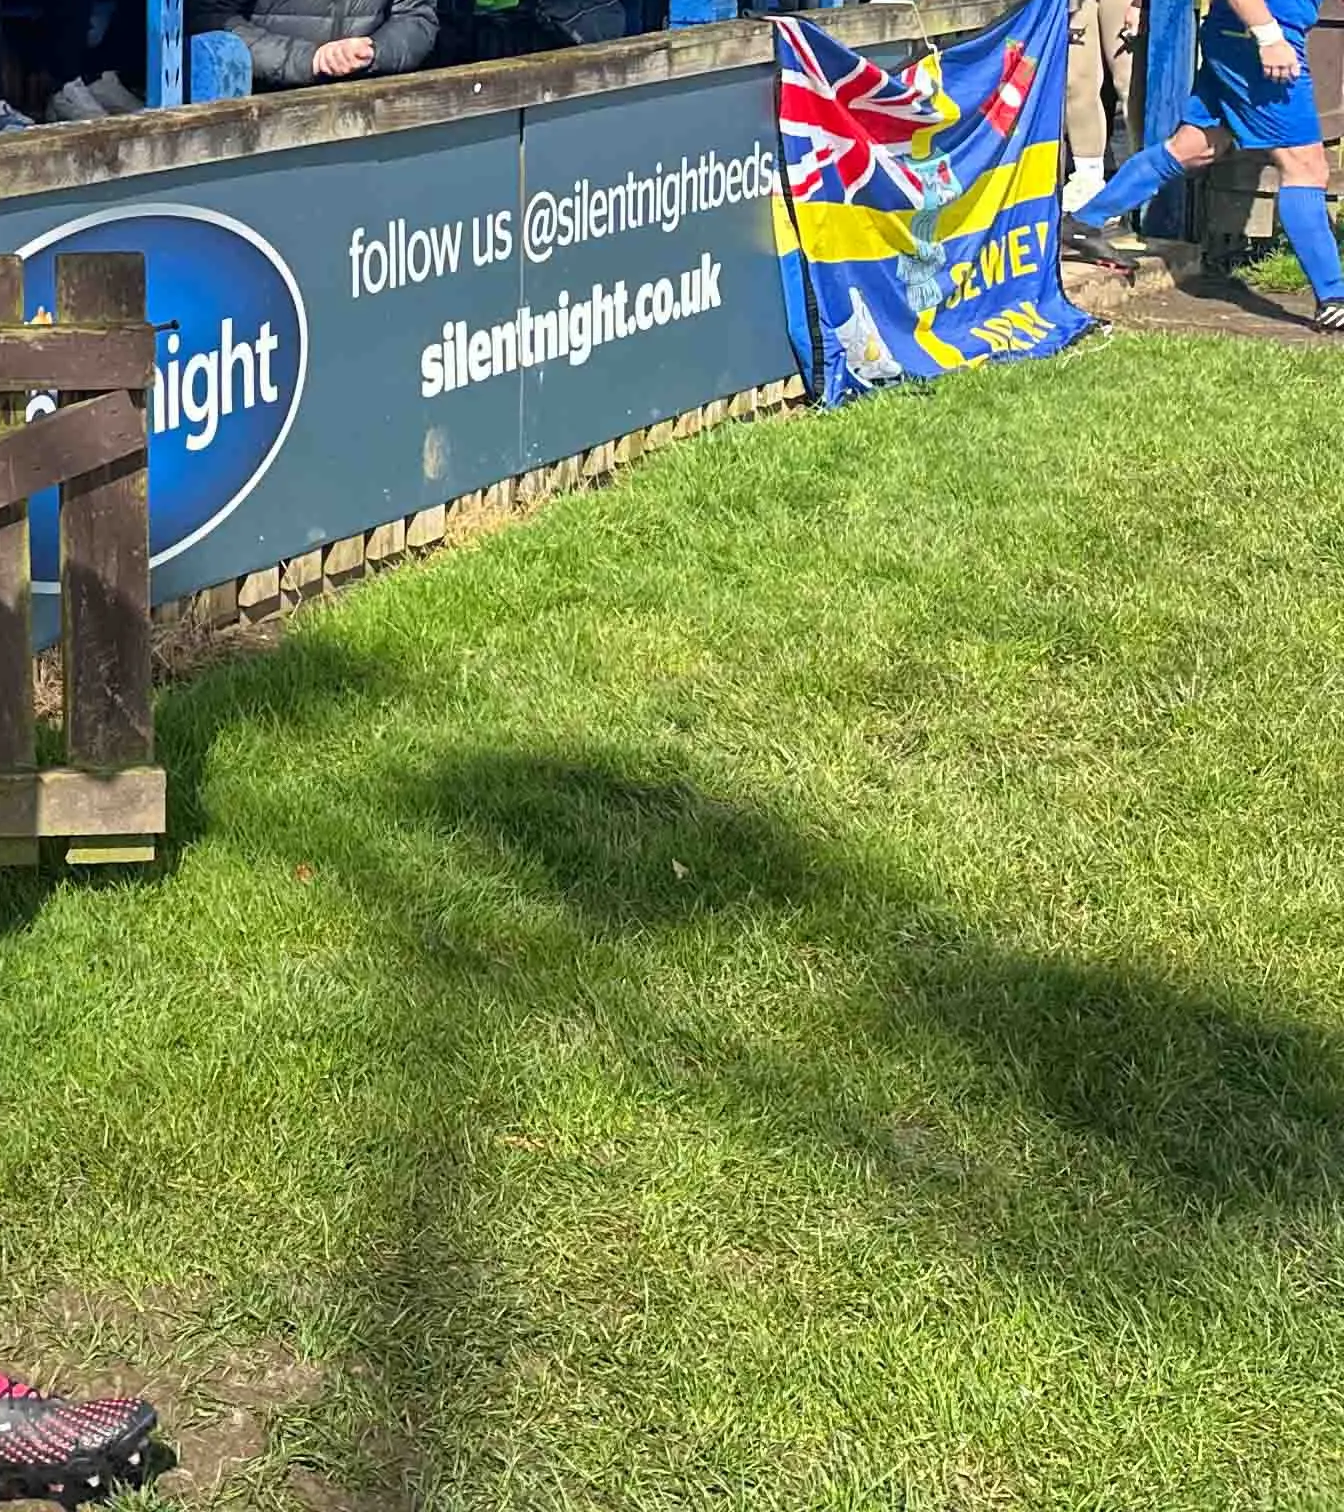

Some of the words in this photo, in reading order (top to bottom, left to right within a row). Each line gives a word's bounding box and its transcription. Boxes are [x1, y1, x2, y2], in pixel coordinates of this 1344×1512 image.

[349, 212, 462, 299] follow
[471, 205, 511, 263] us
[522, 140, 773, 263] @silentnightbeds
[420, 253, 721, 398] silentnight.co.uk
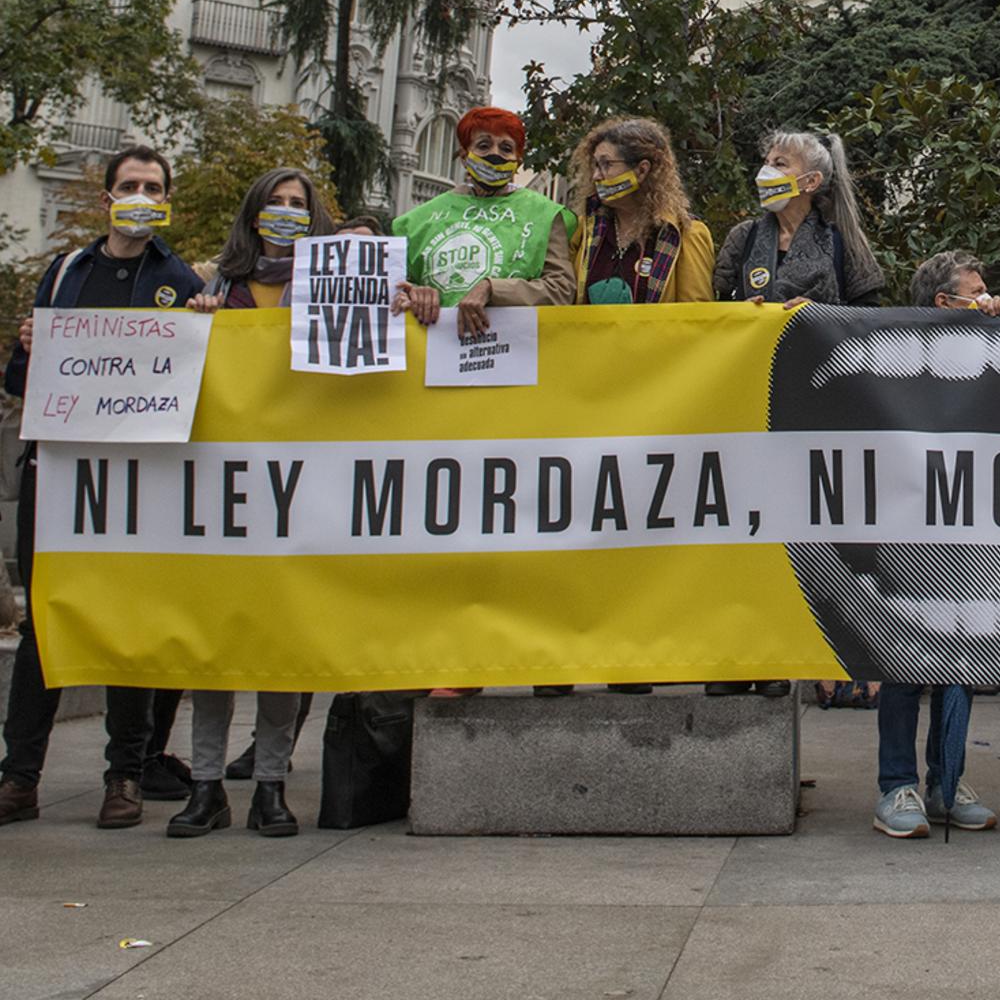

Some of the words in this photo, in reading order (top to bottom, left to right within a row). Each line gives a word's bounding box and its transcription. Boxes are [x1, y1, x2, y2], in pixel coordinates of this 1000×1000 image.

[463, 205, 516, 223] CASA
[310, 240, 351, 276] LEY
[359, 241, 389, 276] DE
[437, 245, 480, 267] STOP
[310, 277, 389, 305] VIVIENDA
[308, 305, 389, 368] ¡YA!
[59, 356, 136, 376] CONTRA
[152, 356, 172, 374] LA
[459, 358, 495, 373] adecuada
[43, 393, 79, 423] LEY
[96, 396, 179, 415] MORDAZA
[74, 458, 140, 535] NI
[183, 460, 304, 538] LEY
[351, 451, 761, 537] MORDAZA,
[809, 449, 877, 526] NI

.....

What is needed is an exact copy of the lines from the one containing "this 1000×1000 image." through the final line of the data, both included, and nothing more.

**Task response:**
Some of the words in this photo, in reading order (top to bottom, left to right within a row). Each line gives a word's bounding box and its transcription. Boxes are [x1, y1, x2, y2], in pixel coordinates of this 1000×1000 image.

[463, 205, 516, 223] CASA
[310, 240, 351, 276] LEY
[359, 241, 389, 276] DE
[437, 245, 480, 267] STOP
[310, 277, 389, 305] VIVIENDA
[308, 305, 389, 368] ¡YA!
[59, 356, 136, 376] CONTRA
[152, 356, 172, 374] LA
[459, 358, 495, 373] adecuada
[43, 393, 79, 423] LEY
[96, 396, 179, 415] MORDAZA
[74, 458, 140, 535] NI
[183, 460, 304, 538] LEY
[351, 451, 761, 537] MORDAZA,
[809, 449, 877, 526] NI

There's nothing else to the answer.